Directions for this task:
Ignoring every picture, transcribe the data in full as it stands.

Data records:
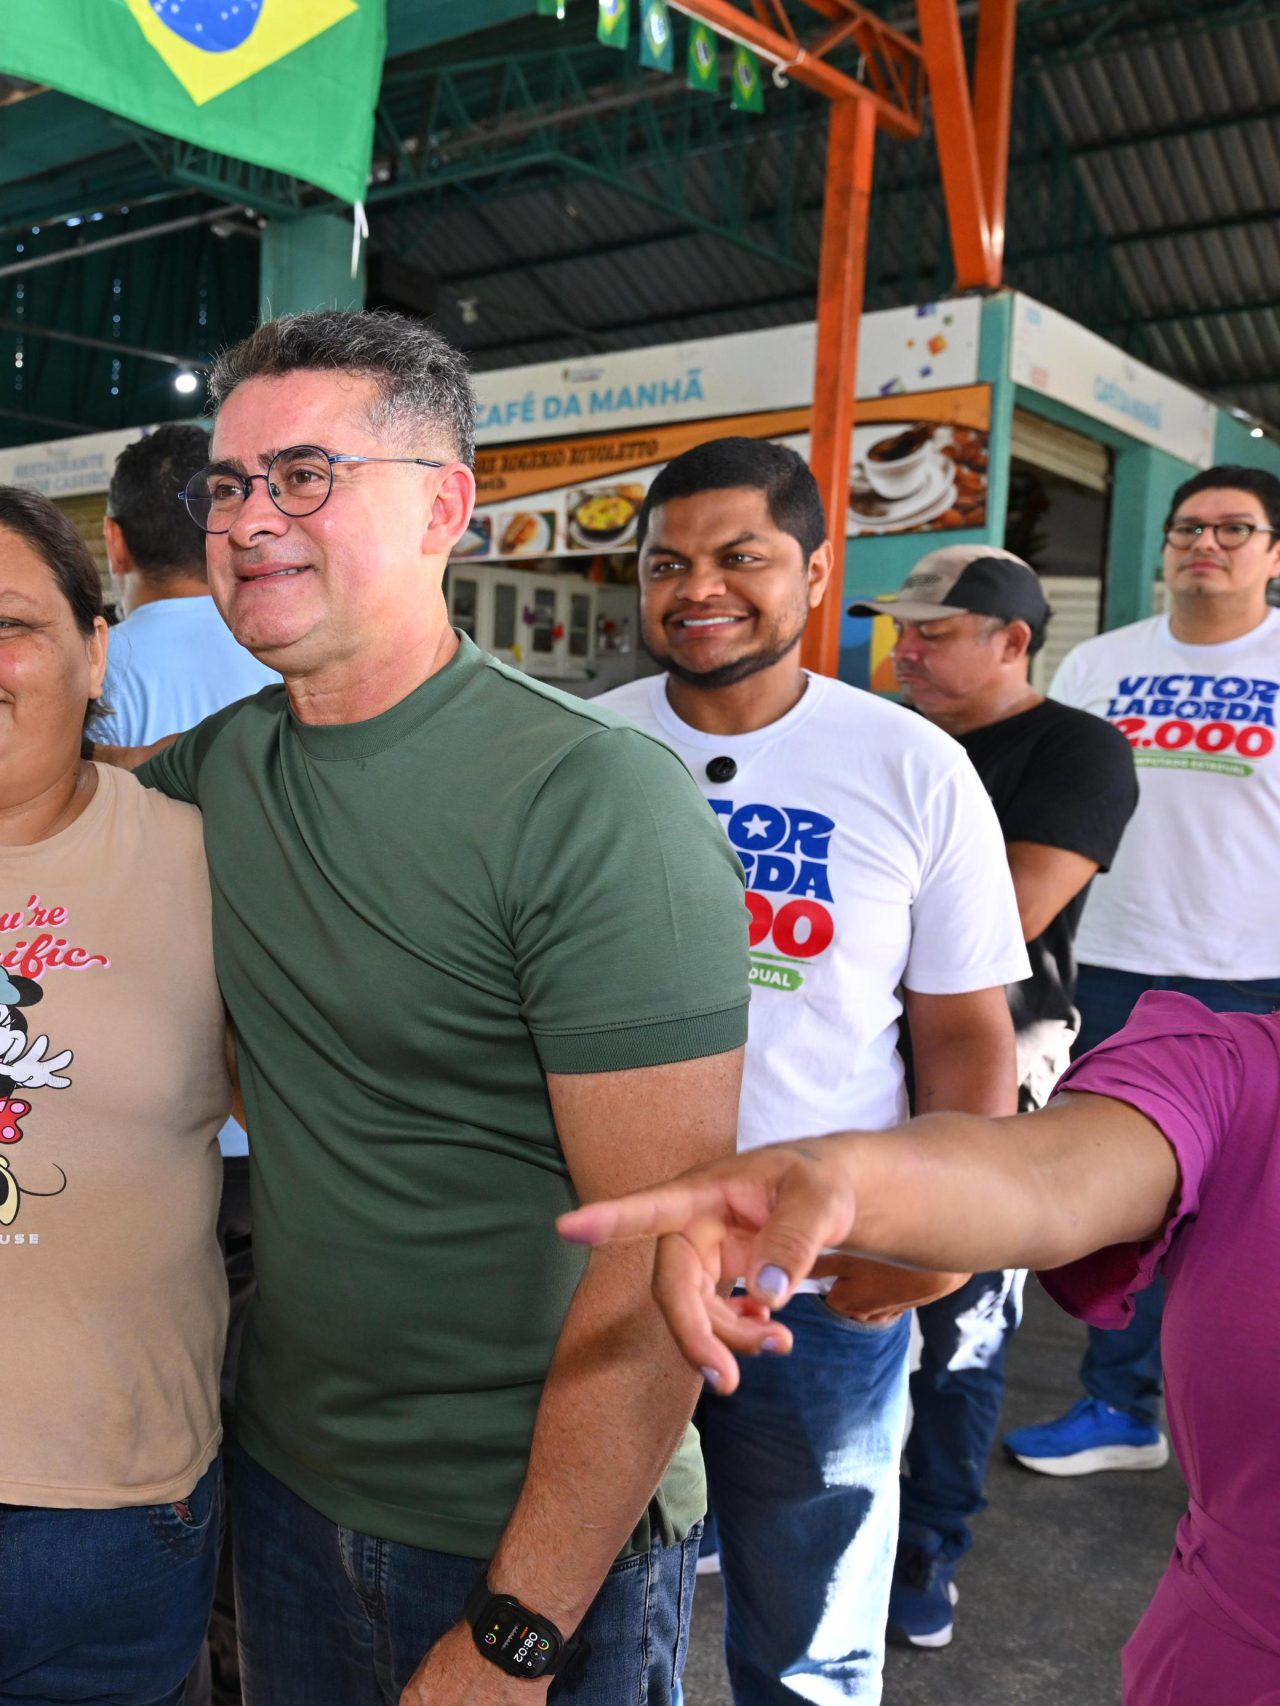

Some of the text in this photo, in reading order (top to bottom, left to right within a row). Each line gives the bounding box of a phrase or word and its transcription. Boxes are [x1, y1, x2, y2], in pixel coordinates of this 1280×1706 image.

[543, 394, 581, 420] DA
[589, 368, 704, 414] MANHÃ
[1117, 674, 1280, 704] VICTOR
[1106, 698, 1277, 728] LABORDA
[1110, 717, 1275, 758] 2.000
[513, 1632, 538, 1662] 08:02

Answer:
Some of the text in this photo, in reading order (top to bottom, left to right within a row). Each line gives the bounding box of a phrase or word and its transcription. Boxes are [x1, y1, x2, y2], in pixel coordinates of this 1280×1706 image.

[543, 394, 581, 420] DA
[589, 368, 704, 414] MANHÃ
[1117, 674, 1280, 704] VICTOR
[1106, 698, 1277, 728] LABORDA
[1110, 717, 1275, 758] 2.000
[513, 1632, 538, 1662] 08:02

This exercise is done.